How to Get Rid of Raccoons (in Attic & Yard)

In this step-by-step guide, you’ll learn the integrated approach to get rid of the aggressive raccoons in crawl spaces or house attics or crawl spaces. How to Get Rid of Raccoons

Risks: Raccoons will spread health infections such as rabies because they carry pests like lice, ticks, and fleas.

Further, Raccoons fecal matter can have Baylisacaris procyonis (roundworm eggs) that may infect kid’s eyes, brain and may be fatal. Trap | Repel | Best Traps | Baits | Facts

Step 1: Remove Raccoon Enticers (Food and Water)

To get rid of raccoons, you’ll get the best results only if you use multiple deterrents, including traps and electronic repellents.

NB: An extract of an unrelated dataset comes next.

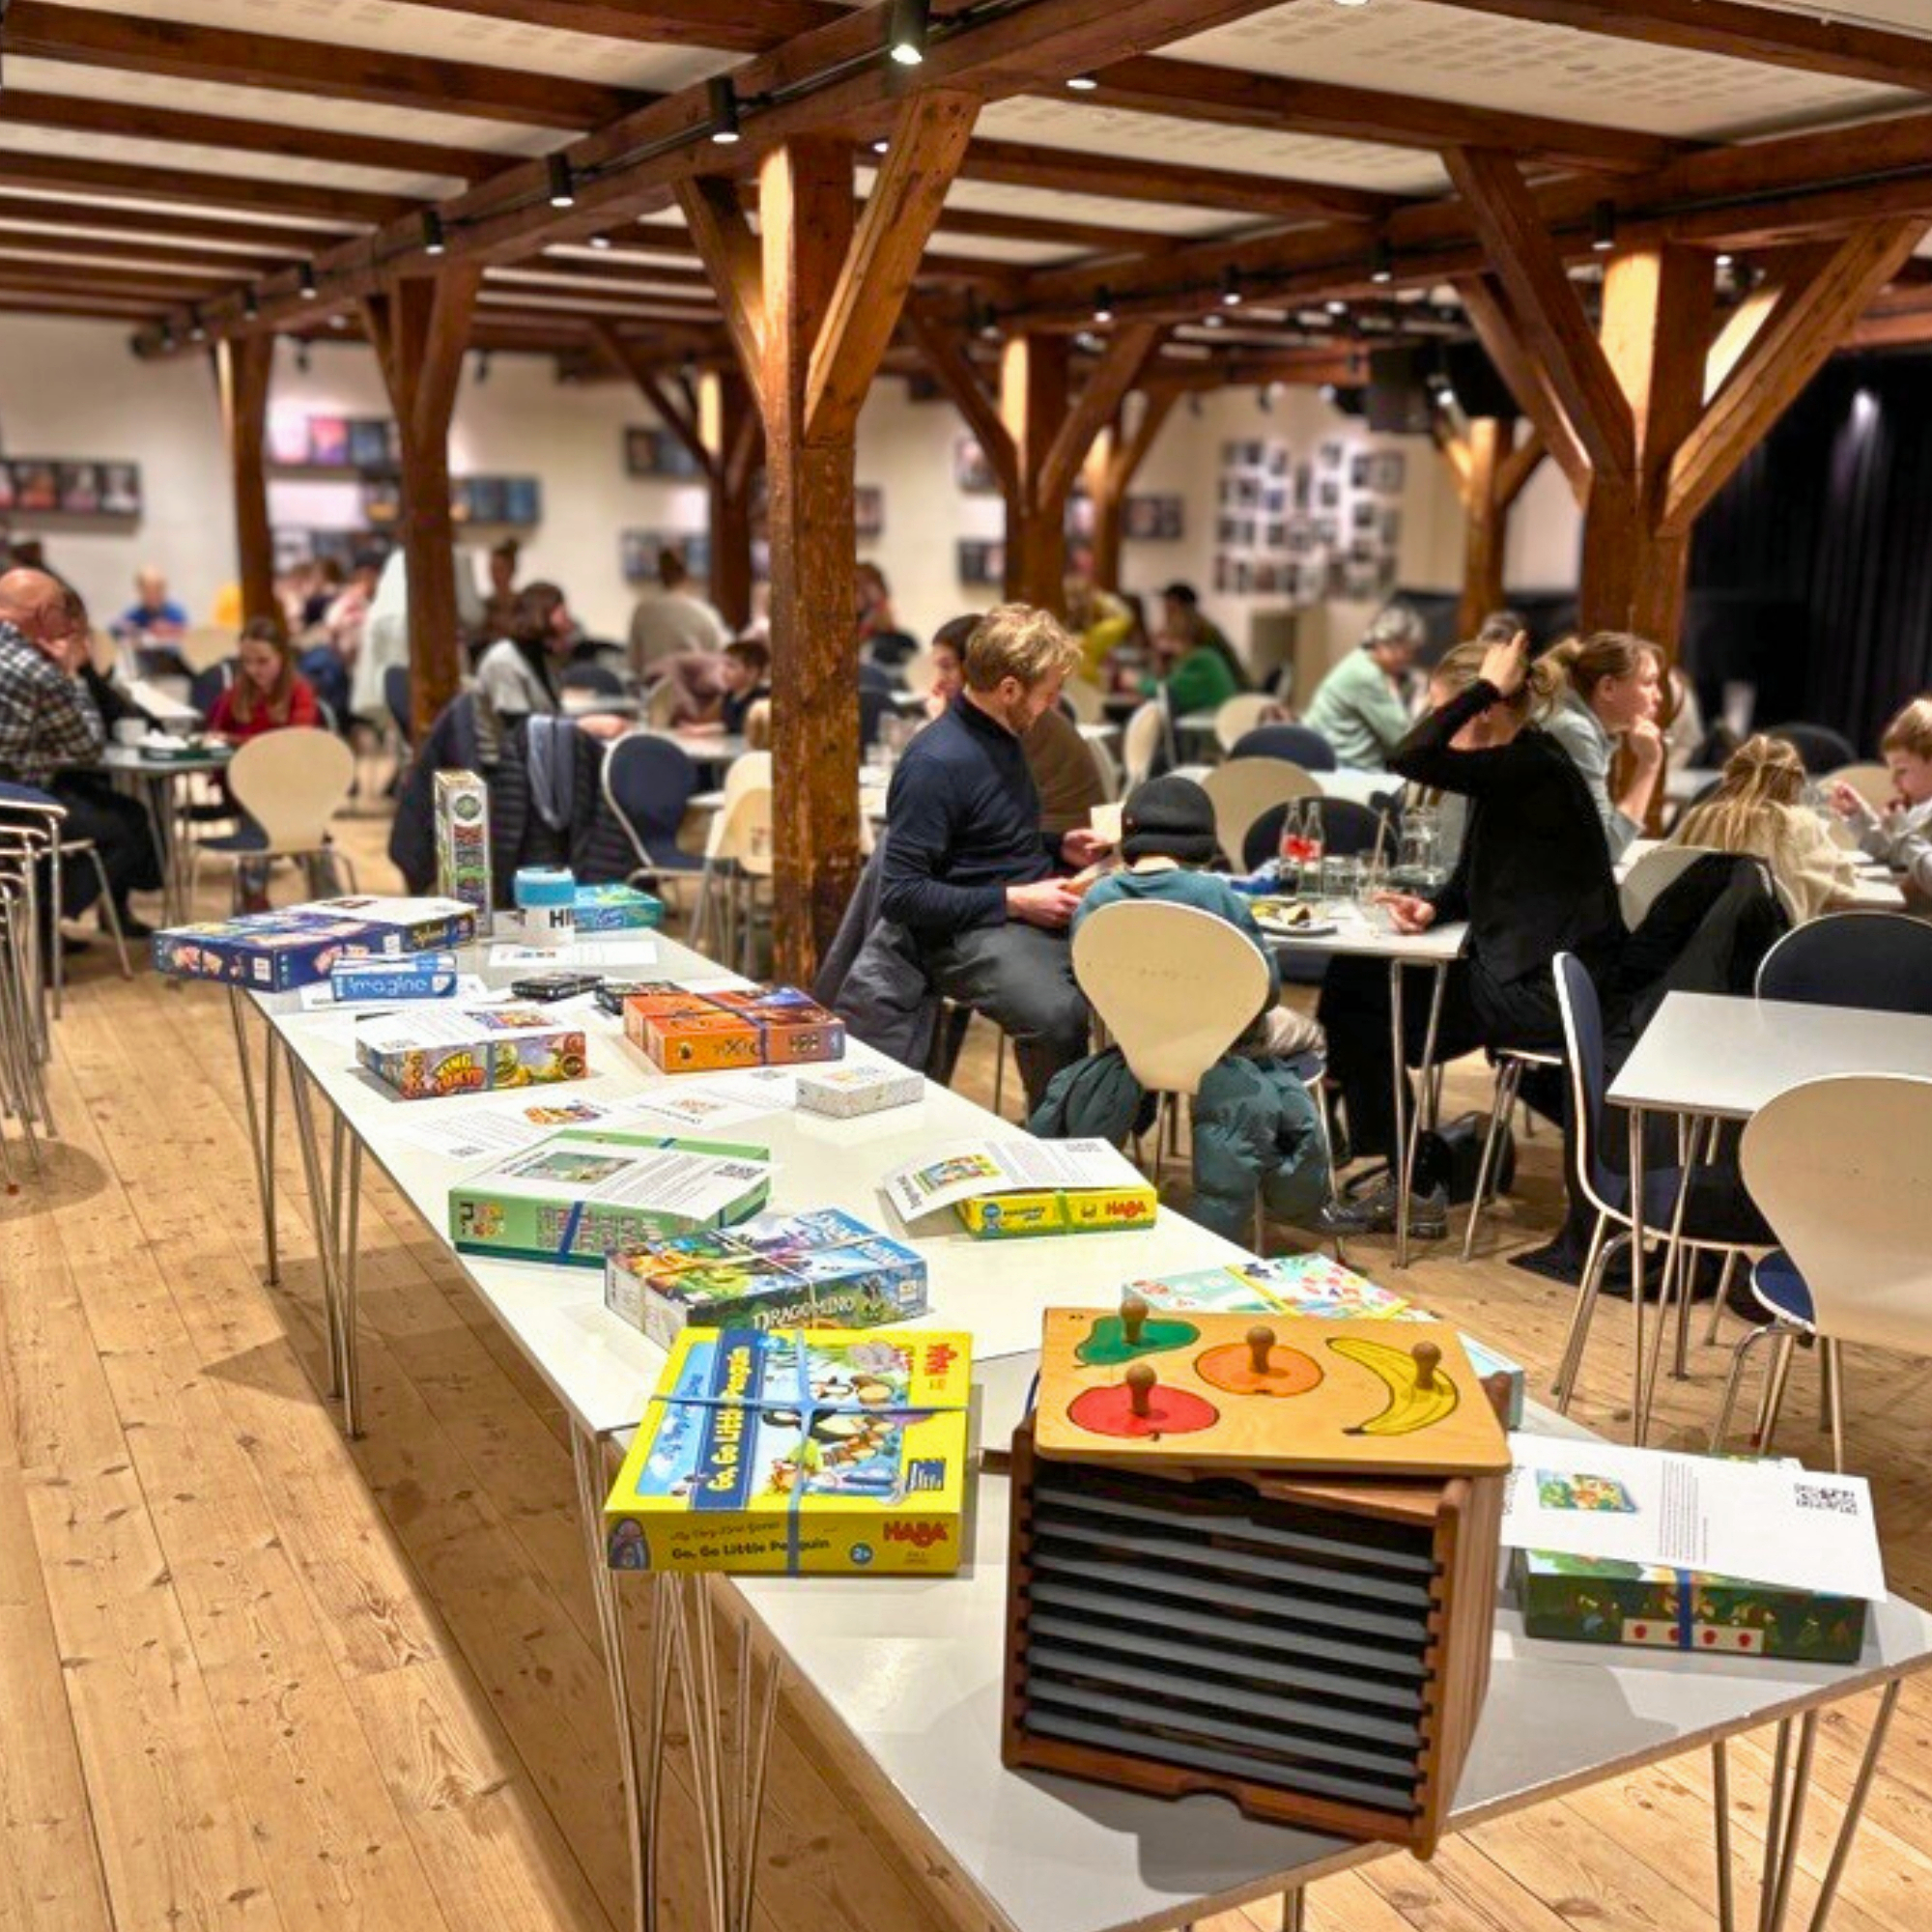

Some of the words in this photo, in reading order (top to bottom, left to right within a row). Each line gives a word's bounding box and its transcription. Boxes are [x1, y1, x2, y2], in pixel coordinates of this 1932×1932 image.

Besides “trap & kill,” I recommend repelling, removal, and the reunion of the raccoons as it leaves them within reach of their territorial homes.

Raccoons will come into your house or yard hunting for food and water. So, reduce or eliminate food sources lying around. As a rule of thumb;

  1. Remove trash. Keep the garbage cans covered with tight lids. Also, place a brick over each trash can lid to prevent the raccoons from overturning the bins.
  2. When you’re discarding leftover food, make sure that it’s covered fully to reduce the amount of smell which would otherwise attract the raccoons.
  3. Any pet food or bird feeders lying around the outdoor spaces will invite the animals to your yard or attic. Therefore, don’t leave pet food outside and always empty the bird feeders.
  4. Clean out all the fallen birdseed, fruits, nuts, and berries.

Raccoons will remember food locations for up to 3 years. So, you’ll need to have tight-fitting lids on garbage cans. Hold down the garbage cans lids using a concrete block or bungee cords.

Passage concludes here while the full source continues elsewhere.